A.Walker3 months ago

First Posted:

MARC LEVY Associated Press Writer

HARRISBURG — Negotiations to break Pennsylvania’s monthlong state budget stalemate will go behind closed doors after top legislators on Thursday halted an unusual public negotiating effort marked by two days of partisan sparring that drew sharp criticism from Gov. Ed Rendell.
House Appropriations Chairman Dwight Evans, D-Philadelphia, unexpectedly gaveled an end to the meeting following several hours of talks, saying he wanted to move discussions into private with Rendell and Republican leaders.
Shortly before that, the Democratic governor urged the panel, which had been appointed by the Legislature’s presiding officers to break the logjam, to move beyond ideology and get down to business.
“This shouldn’t be theater,” Rendell told reporters. “This shouldn’t be a circus.”
Aides said Rendell would meet today with Evans and Senate Majority Leader Dominic Pileggi, R-Delaware. Early next week, the House is expected to consider letting Rendell pay employees and generally keep government offices and state parks open while negotiations continue.
State government started the new fiscal year July 1 without a spending plan in place, severely curtailing its legal authority to distribute subsidies to schools and counties or to pay vendors and employees.
Pennsylvania is now one of three states without a settled budget in place for the current fiscal year, and pressure for a deal is mounting from tens of thousands of state government employees who are dealing with tight household finances.
Normally, Pennsylvania’s budget is negotiated behind closed doors. However, hard bargaining never took place over the two days of televised meetings, and the sides remained deeply divided over how to resolve a multibillion-dollar, recession-driven falloff in tax receipts.
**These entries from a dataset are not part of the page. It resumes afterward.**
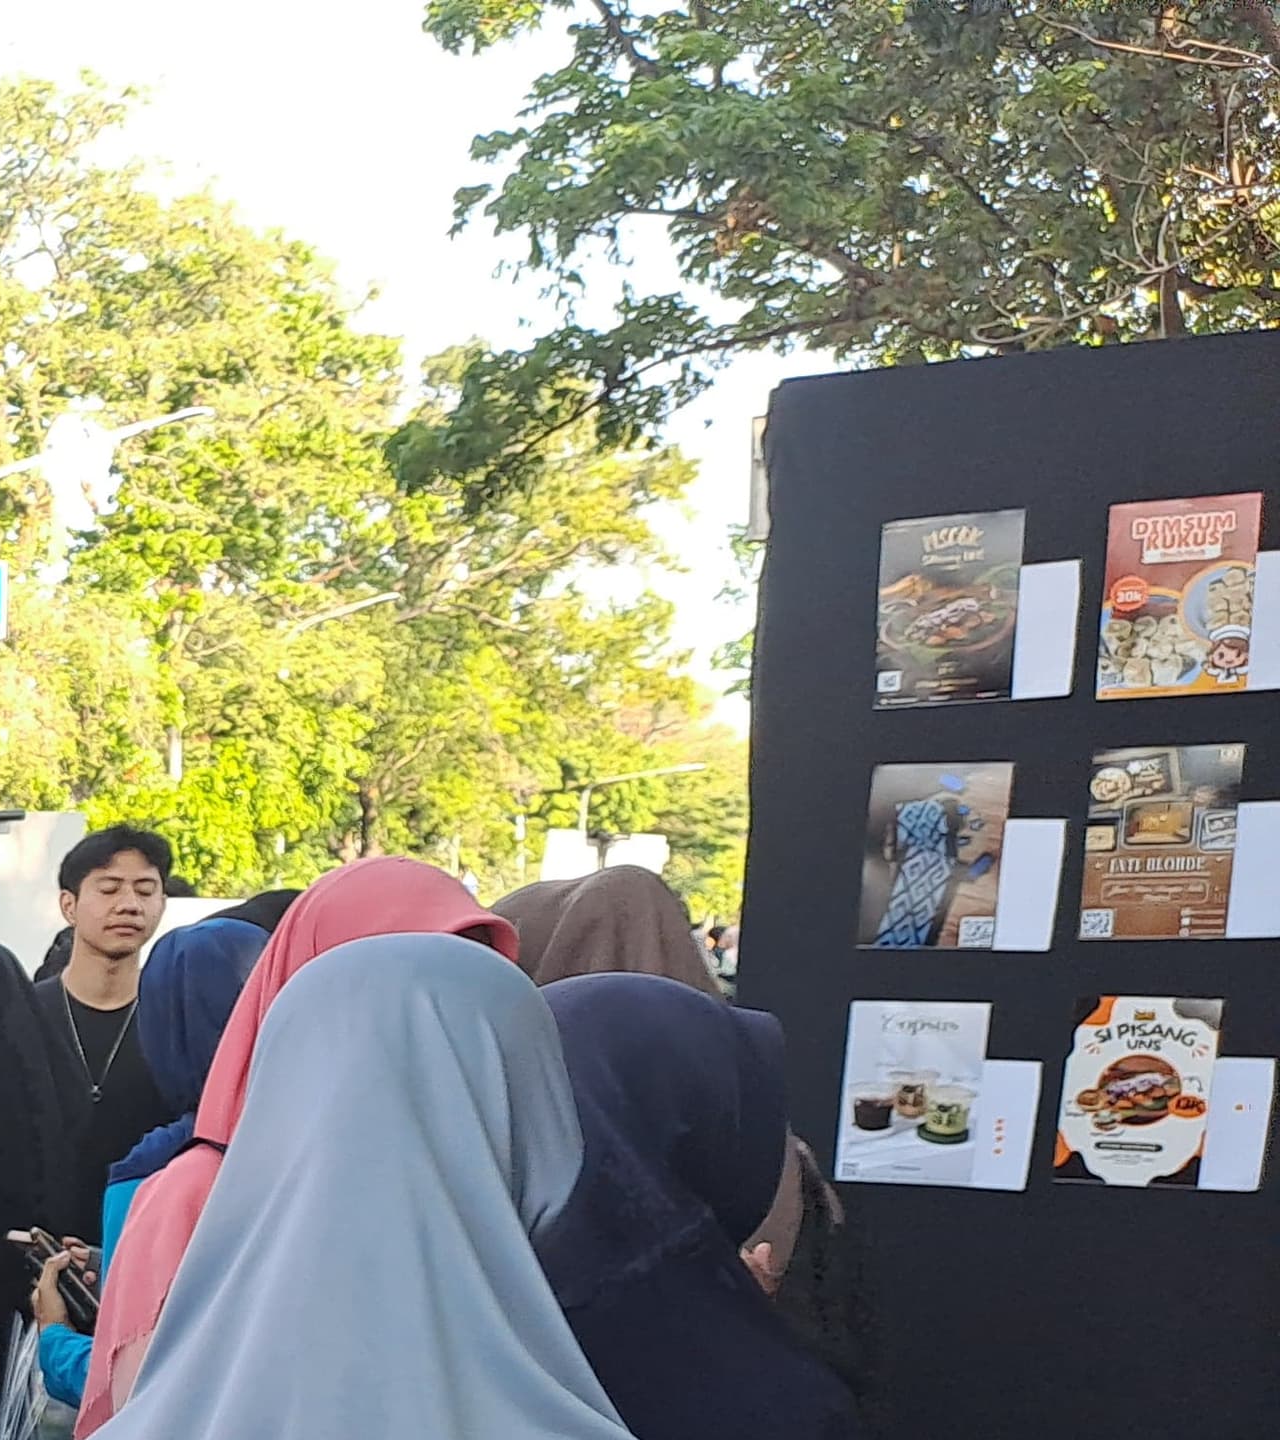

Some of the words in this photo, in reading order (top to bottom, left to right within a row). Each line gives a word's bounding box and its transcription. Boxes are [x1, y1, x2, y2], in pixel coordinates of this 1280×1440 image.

[1134, 513, 1235, 537] DIMSUM
[1146, 529, 1221, 550] KUKUS
[1116, 1022, 1199, 1048] PISANG
[1127, 1039, 1162, 1051] UNS
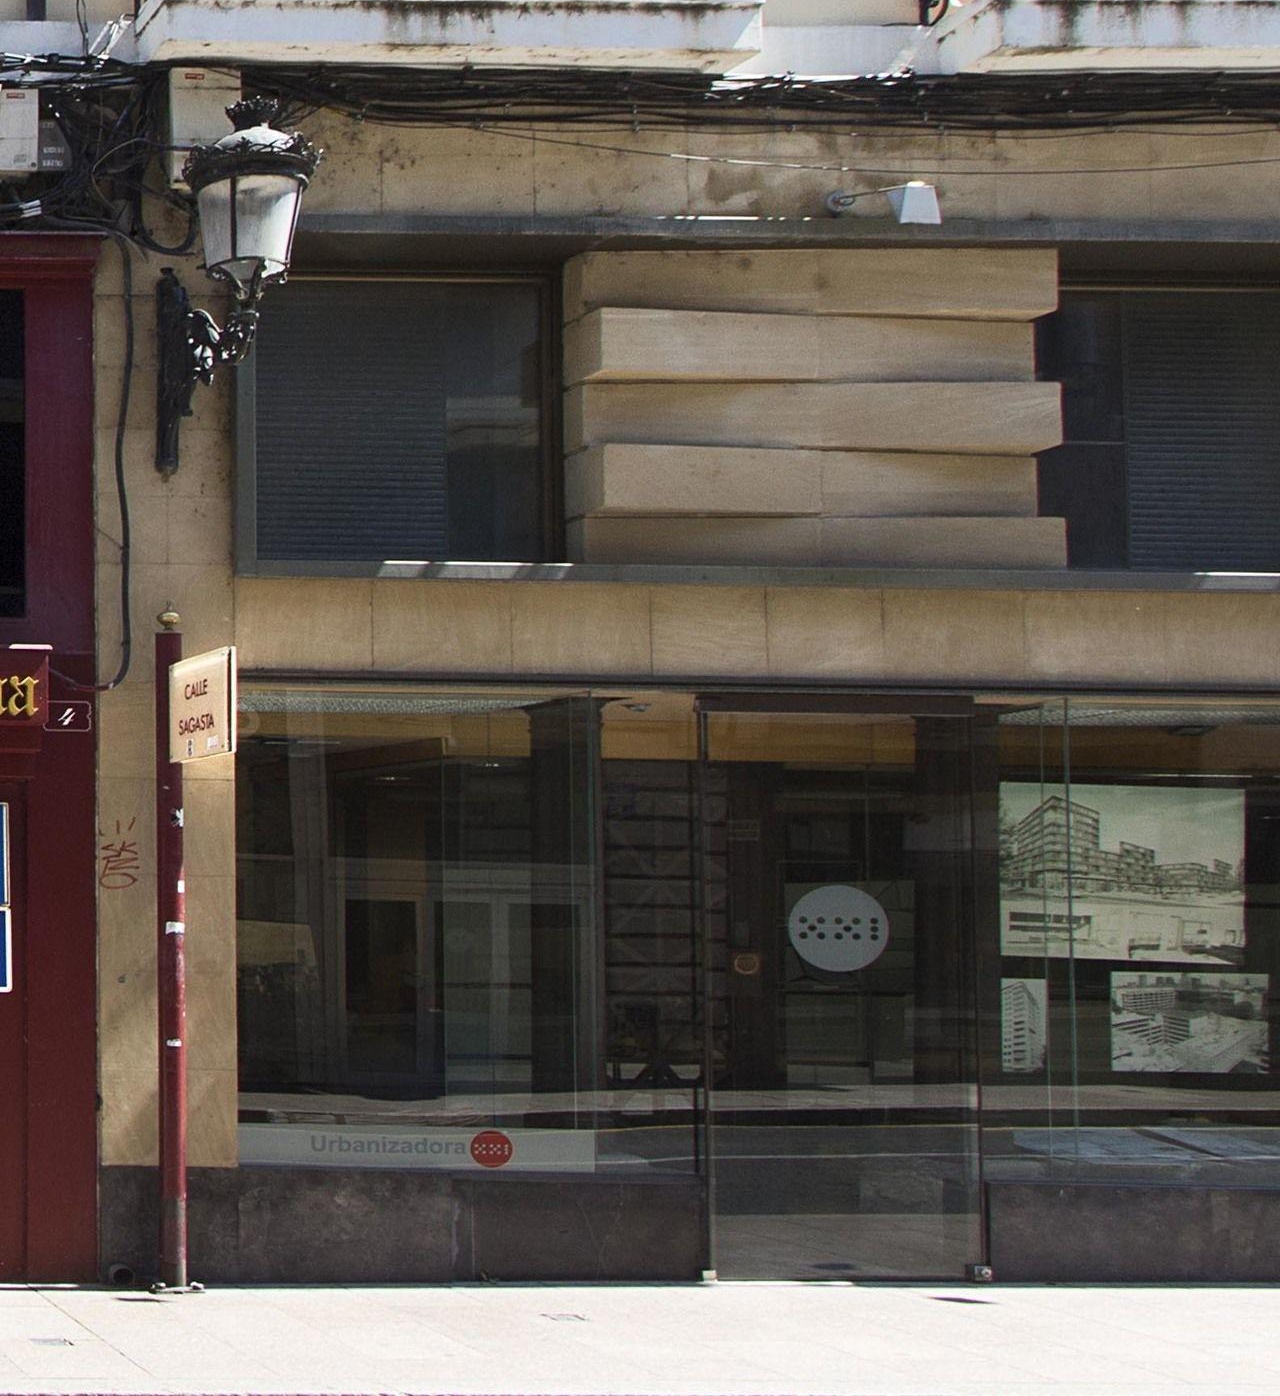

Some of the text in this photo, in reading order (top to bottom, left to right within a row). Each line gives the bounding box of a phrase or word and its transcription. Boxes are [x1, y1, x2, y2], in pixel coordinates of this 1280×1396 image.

[184, 679, 208, 700] CALLE
[57, 707, 76, 726] 4
[178, 713, 215, 736] SAGASTA
[311, 1135, 467, 1155] Urbanizadora
Democrats on the panel had insisted on reviewing the impact of Republican-proposed budget cuts that would affect school programs and human services on which their constituents rely. But Republicans said Democrats had not showed how they would pay for the level of spending they want and were simply dragging out the process to avoid voting for a massive and unpopular tax increase.
“If it did anything, I hope it educated the public and the press,” Evans said afterward.
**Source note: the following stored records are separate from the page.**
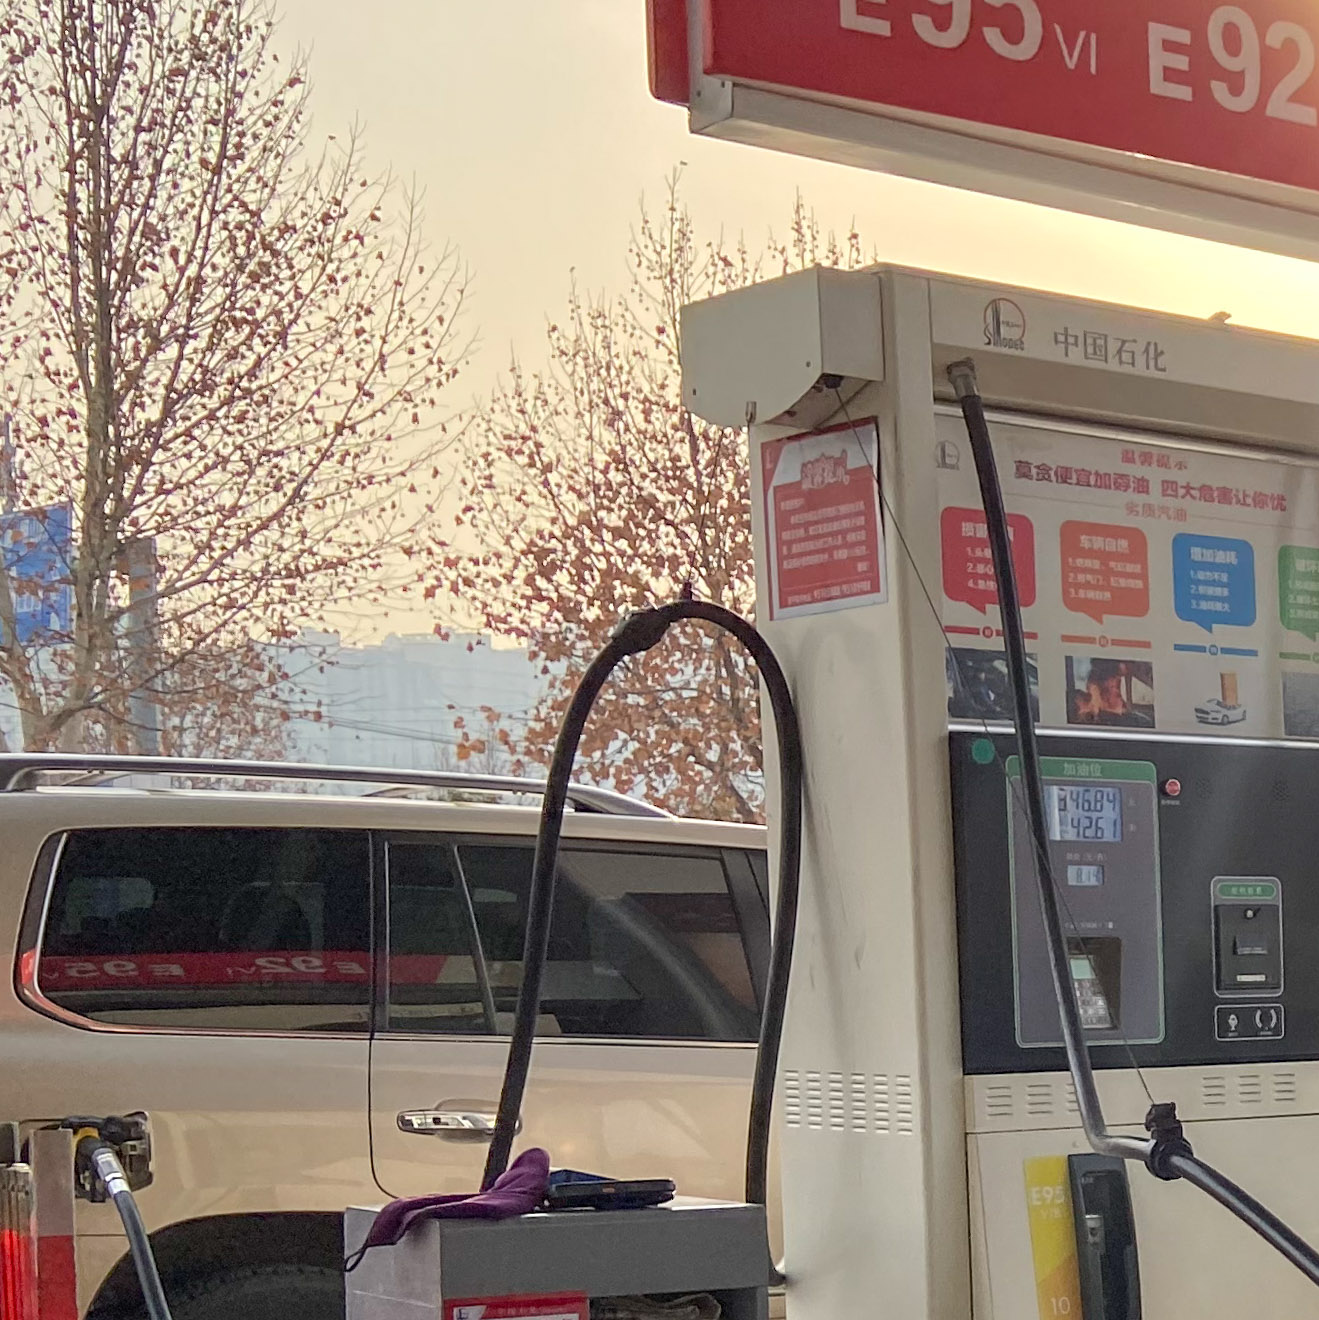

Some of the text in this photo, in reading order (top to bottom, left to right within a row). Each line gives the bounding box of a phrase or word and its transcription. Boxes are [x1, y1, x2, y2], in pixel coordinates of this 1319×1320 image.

[1053, 306, 1168, 373] 中国石化
[1121, 448, 1188, 471] 温馨提示
[1125, 502, 1188, 523] 劣质汽油
[1079, 534, 1130, 554] 车辆自燃
[1063, 762, 1103, 777] 加油位
[1070, 816, 1118, 840] 42.61
[1031, 1186, 1065, 1206] E95
[1051, 1296, 1070, 1316] 10
If experience is any guide from Florida, a state known for its strong public records and open meetings “sunshine” laws, Pennsylvania’s legislators may be working backward.
Florida legislators typically bargain over a state budget in public, although some major decisions — such as a bottom-line spending total and an agreement this year to increase tobacco taxes — are made in advance by legislative leaders behind closed doors.
Rep. Sam Smith, the House Republican leader in Pennsylvania, said Thursday it is easier to be candid behind closed doors since legislators are more likely to posture and give speeches when television cameras are there. Rendell agreed.
“I believe in accessibility, public accessibility, but this is the problem when you turn on the TV cameras, and stuff is open to the public: Everybody postures,” Rendell said Wednesday after watching the first day of the proceedings. “They don’t get down to real work, they want to make points, they want to score points.”
In the meantime, most of the state’s operations have been seamless, although billions of state subsidy dollars are in limbo, forcing public schools, hospitals, universities and counties to make alternative plans — such as dipping into reserves or putting off purchases — to get by until a budget is signed.
On Monday, the Democratic-controlled House is scheduled to return to Harrisburg and take up a Republican-penned $27.3 billion budget bill that Rendell could use his line-item veto power to whittle down into a $4 billion skeleton.
Rendell would not say exactly which offices and programs would receive money, although the state’s annual payroll is about $3.6 billion.
The earliest the bill could reach Rendell’s desk is Tuesday. After that, it would take about five more days for the state Treasury to process checks, including back pay, for employees.